Gulpilil is tall and gaunt; getting dressed in the morning leaves him short of breath. The physical command of his youth, dominant in carefully cut clips of his work, is gone. Gulpilil and the film does not overly dwell on several criminal offences from the 2000s, including a 2011 conviction for the aggravated assault of his wife, but it’s noted as part of a long and uneven path to his final days. He reports that he is not scared, just sorry. The movie leaves you to divine exactly what for, which is fitting but could be construed as a failing.

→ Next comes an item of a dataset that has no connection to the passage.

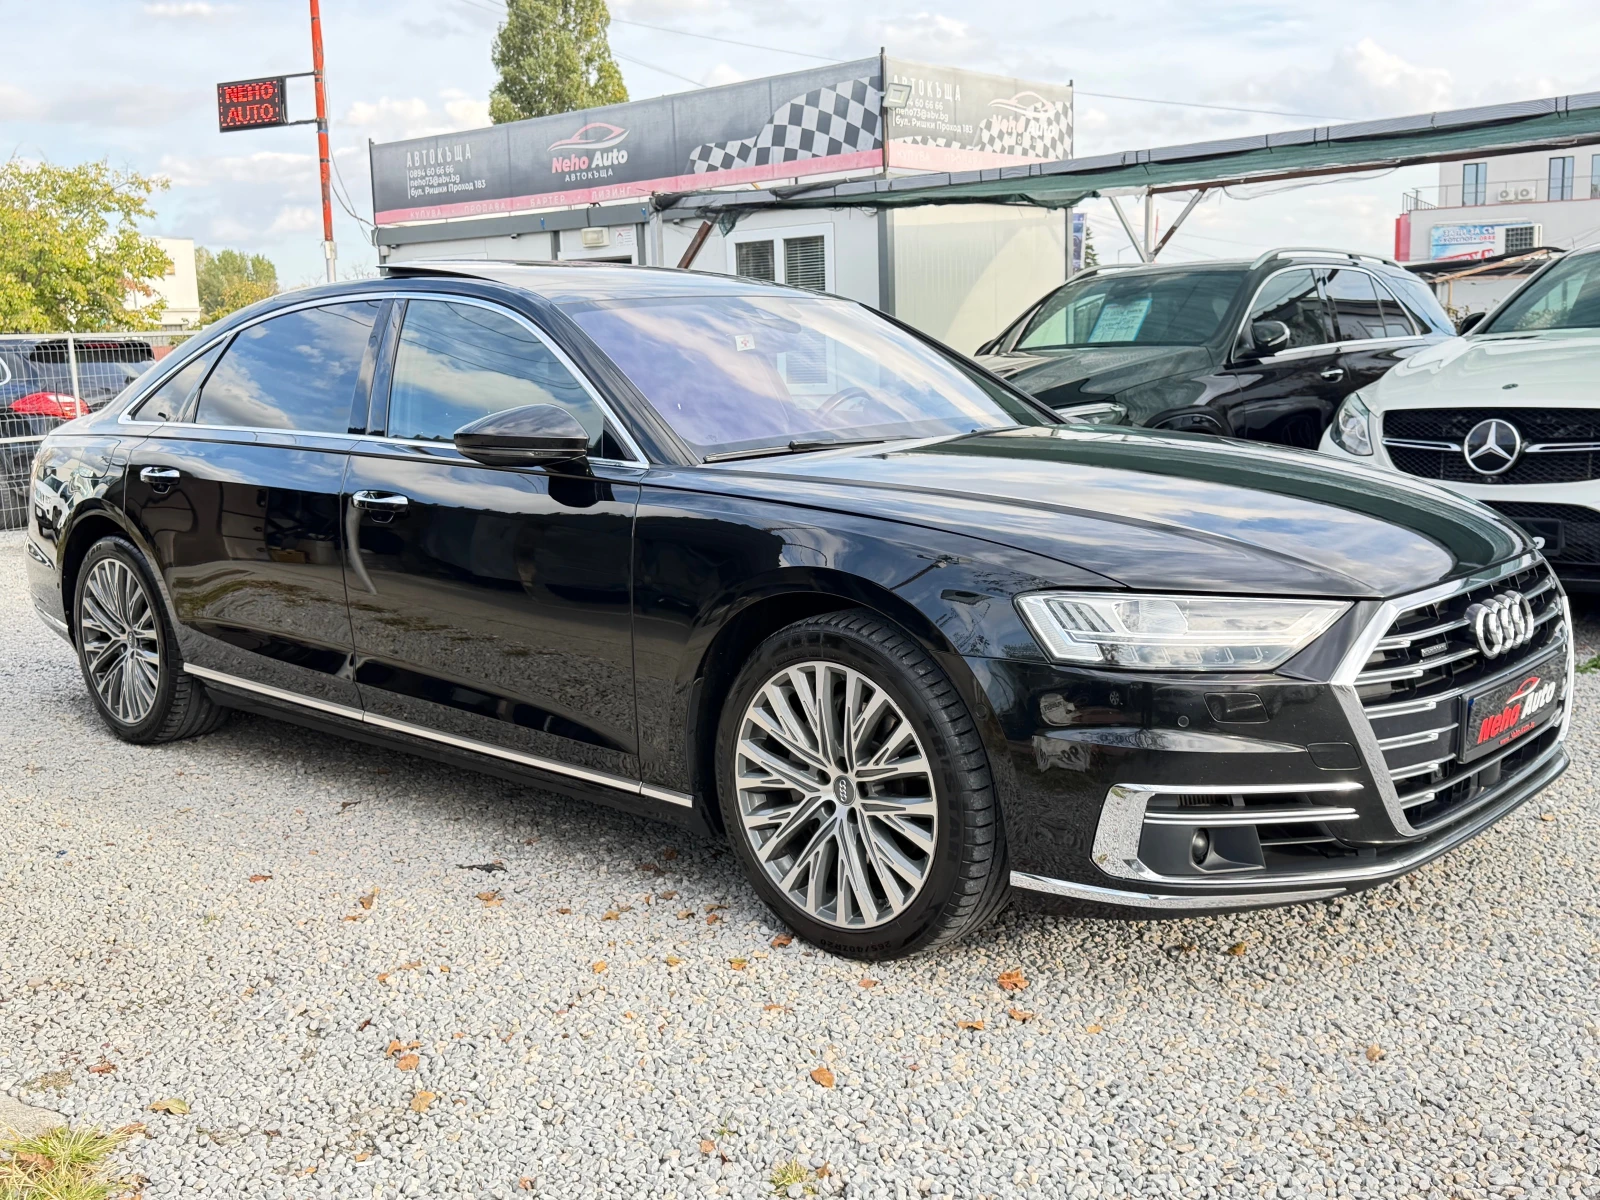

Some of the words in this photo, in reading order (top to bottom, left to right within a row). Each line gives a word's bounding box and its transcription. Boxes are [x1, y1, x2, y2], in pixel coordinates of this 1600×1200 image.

What resonates most in this empathetic portrait is Gulpilil’s innate presence, whether playing a part or being himself. The camera doesn’t distinguish. A sequence that cuts from his clutching a puffer on a suburban street to standing alone on a grassy hillside has an arresting power. Reynolds patiently blazes a path if you care to follow it, and Gulpilil intuitively understands how this suits him. “The camera sees me. Like this,” he observes. “You’re looking at me now.” It’s difficult not to.